Stored entries:
☆ ☆ ☆ ☆

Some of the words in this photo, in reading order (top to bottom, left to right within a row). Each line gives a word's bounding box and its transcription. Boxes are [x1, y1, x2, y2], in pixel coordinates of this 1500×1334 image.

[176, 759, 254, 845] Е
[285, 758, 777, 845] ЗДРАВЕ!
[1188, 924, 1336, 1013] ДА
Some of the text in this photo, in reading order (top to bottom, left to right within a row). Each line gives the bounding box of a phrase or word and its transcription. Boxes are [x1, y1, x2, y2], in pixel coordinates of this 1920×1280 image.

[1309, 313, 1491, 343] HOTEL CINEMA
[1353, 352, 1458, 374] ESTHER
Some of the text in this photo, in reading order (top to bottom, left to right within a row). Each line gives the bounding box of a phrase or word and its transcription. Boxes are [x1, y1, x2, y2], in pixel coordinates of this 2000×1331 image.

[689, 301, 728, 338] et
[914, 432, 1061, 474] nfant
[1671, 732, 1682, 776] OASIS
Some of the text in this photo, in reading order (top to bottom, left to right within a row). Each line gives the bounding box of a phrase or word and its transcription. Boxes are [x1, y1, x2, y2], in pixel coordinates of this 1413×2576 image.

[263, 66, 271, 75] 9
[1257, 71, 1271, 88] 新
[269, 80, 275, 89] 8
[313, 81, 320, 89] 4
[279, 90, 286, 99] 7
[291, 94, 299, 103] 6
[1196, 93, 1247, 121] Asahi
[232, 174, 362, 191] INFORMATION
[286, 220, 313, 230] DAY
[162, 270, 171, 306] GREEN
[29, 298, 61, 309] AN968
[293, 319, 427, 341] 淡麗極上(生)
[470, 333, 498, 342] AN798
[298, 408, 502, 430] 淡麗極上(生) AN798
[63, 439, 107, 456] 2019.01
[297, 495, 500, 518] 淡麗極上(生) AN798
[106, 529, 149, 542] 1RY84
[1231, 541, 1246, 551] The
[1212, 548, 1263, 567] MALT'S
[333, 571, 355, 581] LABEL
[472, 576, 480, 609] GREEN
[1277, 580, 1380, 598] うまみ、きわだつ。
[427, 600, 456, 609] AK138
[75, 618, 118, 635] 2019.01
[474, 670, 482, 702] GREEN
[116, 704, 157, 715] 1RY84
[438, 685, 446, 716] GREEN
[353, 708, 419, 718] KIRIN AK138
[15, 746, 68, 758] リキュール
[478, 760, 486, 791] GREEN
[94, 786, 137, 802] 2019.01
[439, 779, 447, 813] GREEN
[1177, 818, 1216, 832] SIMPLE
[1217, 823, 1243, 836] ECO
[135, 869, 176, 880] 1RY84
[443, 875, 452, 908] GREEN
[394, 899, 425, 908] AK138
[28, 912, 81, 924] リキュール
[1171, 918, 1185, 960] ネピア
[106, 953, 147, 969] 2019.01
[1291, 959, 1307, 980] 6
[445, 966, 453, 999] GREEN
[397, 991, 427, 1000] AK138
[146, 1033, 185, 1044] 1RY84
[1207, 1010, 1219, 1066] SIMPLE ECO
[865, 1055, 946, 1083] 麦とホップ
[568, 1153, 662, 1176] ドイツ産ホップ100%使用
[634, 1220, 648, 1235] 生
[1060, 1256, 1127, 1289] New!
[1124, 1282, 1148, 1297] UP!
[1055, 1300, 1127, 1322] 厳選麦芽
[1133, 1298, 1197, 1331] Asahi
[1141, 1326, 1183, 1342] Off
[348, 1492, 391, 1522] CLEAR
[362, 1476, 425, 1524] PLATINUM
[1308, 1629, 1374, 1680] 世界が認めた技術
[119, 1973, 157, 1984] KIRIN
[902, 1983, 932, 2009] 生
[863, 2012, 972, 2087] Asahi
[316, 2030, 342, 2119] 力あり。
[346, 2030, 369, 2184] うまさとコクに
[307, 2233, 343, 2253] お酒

☆ ☆ ☆ ☆

Every line from above should appear again in the answer, exactly as written.

▶ _Exercise response_:
Some of the words in this photo, in reading order (top to bottom, left to right within a row). Each line gives a word's bounding box and its transcription. Boxes are [x1, y1, x2, y2], in pixel coordinates of this 1500×1334 image.

[176, 759, 254, 845] Е
[285, 758, 777, 845] ЗДРАВЕ!
[1188, 924, 1336, 1013] ДА
Some of the text in this photo, in reading order (top to bottom, left to right within a row). Each line gives the bounding box of a phrase or word and its transcription. Boxes are [x1, y1, x2, y2], in pixel coordinates of this 1920×1280 image.

[1309, 313, 1491, 343] HOTEL CINEMA
[1353, 352, 1458, 374] ESTHER
Some of the text in this photo, in reading order (top to bottom, left to right within a row). Each line gives the bounding box of a phrase or word and its transcription. Boxes are [x1, y1, x2, y2], in pixel coordinates of this 2000×1331 image.

[689, 301, 728, 338] et
[914, 432, 1061, 474] nfant
[1671, 732, 1682, 776] OASIS
Some of the text in this photo, in reading order (top to bottom, left to right within a row). Each line gives the bounding box of a phrase or word and its transcription. Boxes are [x1, y1, x2, y2], in pixel coordinates of this 1413×2576 image.

[263, 66, 271, 75] 9
[1257, 71, 1271, 88] 新
[269, 80, 275, 89] 8
[313, 81, 320, 89] 4
[279, 90, 286, 99] 7
[291, 94, 299, 103] 6
[1196, 93, 1247, 121] Asahi
[232, 174, 362, 191] INFORMATION
[286, 220, 313, 230] DAY
[162, 270, 171, 306] GREEN
[29, 298, 61, 309] AN968
[293, 319, 427, 341] 淡麗極上(生)
[470, 333, 498, 342] AN798
[298, 408, 502, 430] 淡麗極上(生) AN798
[63, 439, 107, 456] 2019.01
[297, 495, 500, 518] 淡麗極上(生) AN798
[106, 529, 149, 542] 1RY84
[1231, 541, 1246, 551] The
[1212, 548, 1263, 567] MALT'S
[333, 571, 355, 581] LABEL
[472, 576, 480, 609] GREEN
[1277, 580, 1380, 598] うまみ、きわだつ。
[427, 600, 456, 609] AK138
[75, 618, 118, 635] 2019.01
[474, 670, 482, 702] GREEN
[116, 704, 157, 715] 1RY84
[438, 685, 446, 716] GREEN
[353, 708, 419, 718] KIRIN AK138
[15, 746, 68, 758] リキュール
[478, 760, 486, 791] GREEN
[94, 786, 137, 802] 2019.01
[439, 779, 447, 813] GREEN
[1177, 818, 1216, 832] SIMPLE
[1217, 823, 1243, 836] ECO
[135, 869, 176, 880] 1RY84
[443, 875, 452, 908] GREEN
[394, 899, 425, 908] AK138
[28, 912, 81, 924] リキュール
[1171, 918, 1185, 960] ネピア
[106, 953, 147, 969] 2019.01
[1291, 959, 1307, 980] 6
[445, 966, 453, 999] GREEN
[397, 991, 427, 1000] AK138
[146, 1033, 185, 1044] 1RY84
[1207, 1010, 1219, 1066] SIMPLE ECO
[865, 1055, 946, 1083] 麦とホップ
[568, 1153, 662, 1176] ドイツ産ホップ100%使用
[634, 1220, 648, 1235] 生
[1060, 1256, 1127, 1289] New!
[1124, 1282, 1148, 1297] UP!
[1055, 1300, 1127, 1322] 厳選麦芽
[1133, 1298, 1197, 1331] Asahi
[1141, 1326, 1183, 1342] Off
[348, 1492, 391, 1522] CLEAR
[362, 1476, 425, 1524] PLATINUM
[1308, 1629, 1374, 1680] 世界が認めた技術
[119, 1973, 157, 1984] KIRIN
[902, 1983, 932, 2009] 生
[863, 2012, 972, 2087] Asahi
[316, 2030, 342, 2119] 力あり。
[346, 2030, 369, 2184] うまさとコクに
[307, 2233, 343, 2253] お酒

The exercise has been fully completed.